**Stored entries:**
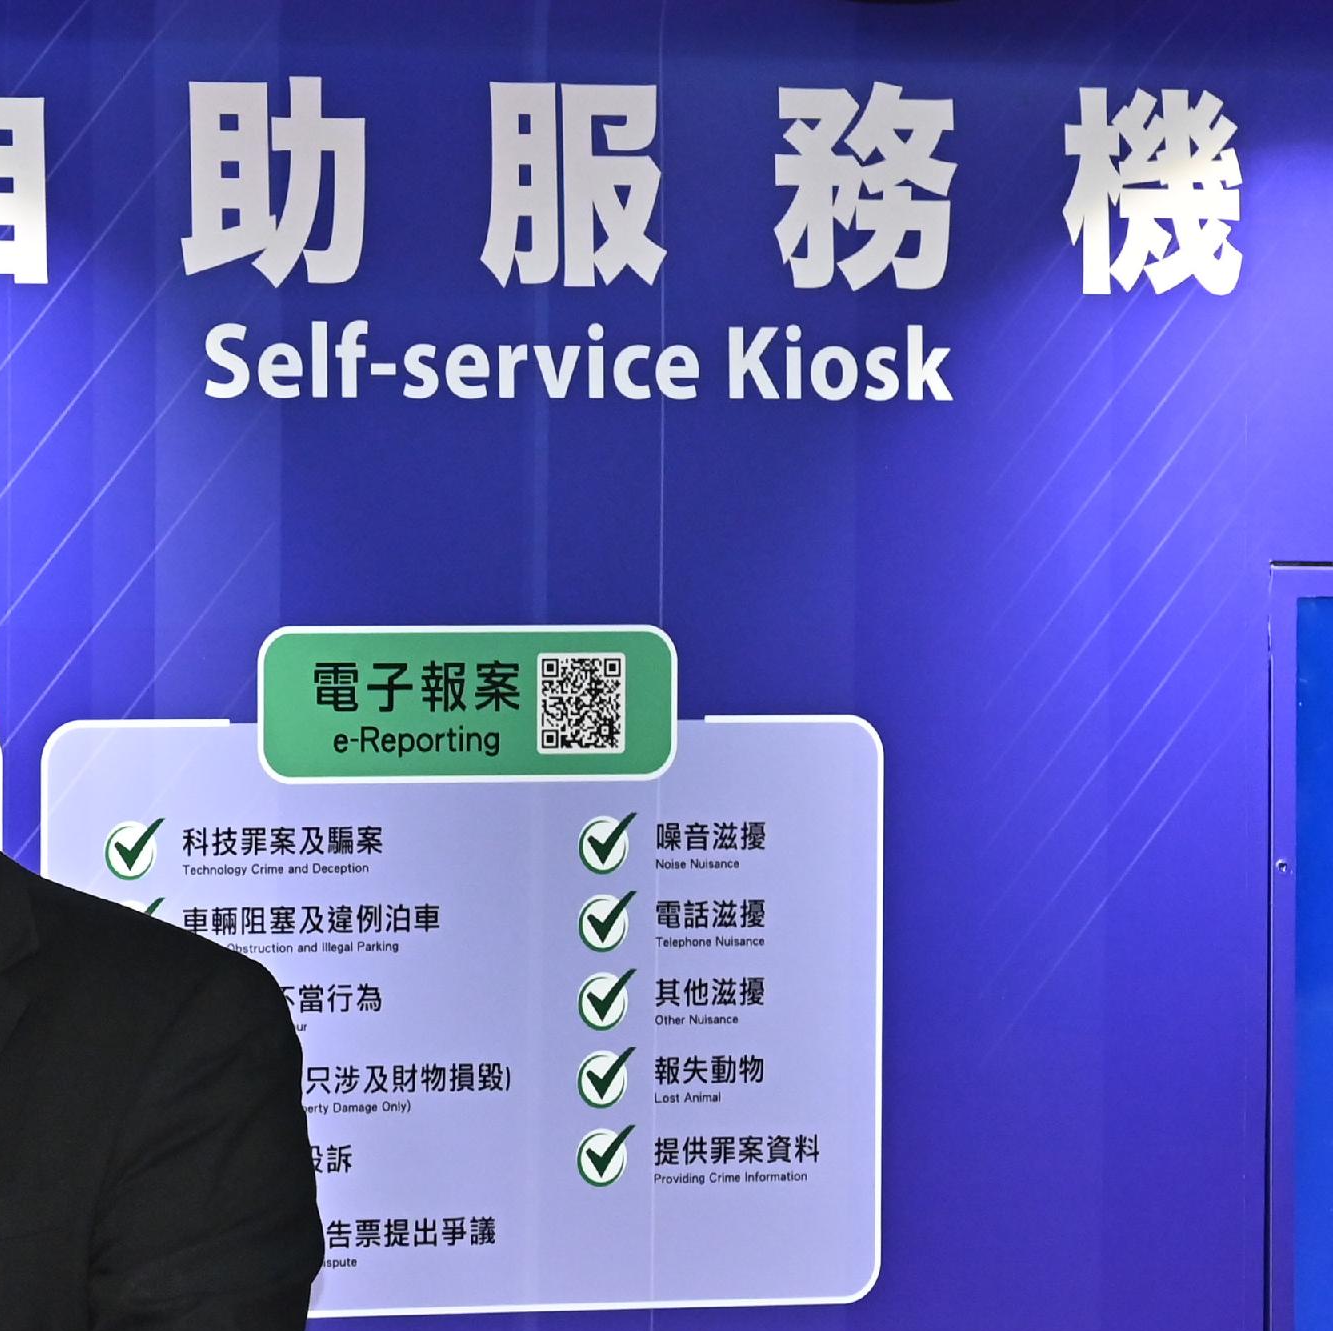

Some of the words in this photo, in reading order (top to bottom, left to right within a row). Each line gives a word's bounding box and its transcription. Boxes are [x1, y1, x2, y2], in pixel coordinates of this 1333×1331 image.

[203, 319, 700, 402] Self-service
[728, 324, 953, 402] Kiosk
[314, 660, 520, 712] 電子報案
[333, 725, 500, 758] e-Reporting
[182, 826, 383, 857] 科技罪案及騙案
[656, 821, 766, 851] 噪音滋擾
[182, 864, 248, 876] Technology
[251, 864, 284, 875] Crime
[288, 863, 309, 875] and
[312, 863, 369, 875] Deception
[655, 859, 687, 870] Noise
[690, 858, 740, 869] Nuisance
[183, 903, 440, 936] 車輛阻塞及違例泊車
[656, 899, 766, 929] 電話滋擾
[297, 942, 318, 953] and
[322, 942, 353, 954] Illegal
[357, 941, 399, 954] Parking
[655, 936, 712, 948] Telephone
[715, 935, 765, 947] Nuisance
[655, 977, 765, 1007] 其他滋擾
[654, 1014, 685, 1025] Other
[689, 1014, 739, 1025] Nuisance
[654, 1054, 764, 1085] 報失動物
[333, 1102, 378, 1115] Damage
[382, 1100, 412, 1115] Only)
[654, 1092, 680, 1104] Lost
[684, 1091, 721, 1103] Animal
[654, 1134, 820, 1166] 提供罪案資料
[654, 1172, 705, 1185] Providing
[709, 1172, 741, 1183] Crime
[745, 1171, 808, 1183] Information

**Assignment:**
Reproduce the records, all of them, word for word; omit the pictures.

**Exercise output:**
Some of the words in this photo, in reading order (top to bottom, left to right within a row). Each line gives a word's bounding box and its transcription. Boxes are [x1, y1, x2, y2], in pixel coordinates of this 1333×1331 image.

[203, 319, 700, 402] Self-service
[728, 324, 953, 402] Kiosk
[314, 660, 520, 712] 電子報案
[333, 725, 500, 758] e-Reporting
[182, 826, 383, 857] 科技罪案及騙案
[656, 821, 766, 851] 噪音滋擾
[182, 864, 248, 876] Technology
[251, 864, 284, 875] Crime
[288, 863, 309, 875] and
[312, 863, 369, 875] Deception
[655, 859, 687, 870] Noise
[690, 858, 740, 869] Nuisance
[183, 903, 440, 936] 車輛阻塞及違例泊車
[656, 899, 766, 929] 電話滋擾
[297, 942, 318, 953] and
[322, 942, 353, 954] Illegal
[357, 941, 399, 954] Parking
[655, 936, 712, 948] Telephone
[715, 935, 765, 947] Nuisance
[655, 977, 765, 1007] 其他滋擾
[654, 1014, 685, 1025] Other
[689, 1014, 739, 1025] Nuisance
[654, 1054, 764, 1085] 報失動物
[333, 1102, 378, 1115] Damage
[382, 1100, 412, 1115] Only)
[654, 1092, 680, 1104] Lost
[684, 1091, 721, 1103] Animal
[654, 1134, 820, 1166] 提供罪案資料
[654, 1172, 705, 1185] Providing
[709, 1172, 741, 1183] Crime
[745, 1171, 808, 1183] Information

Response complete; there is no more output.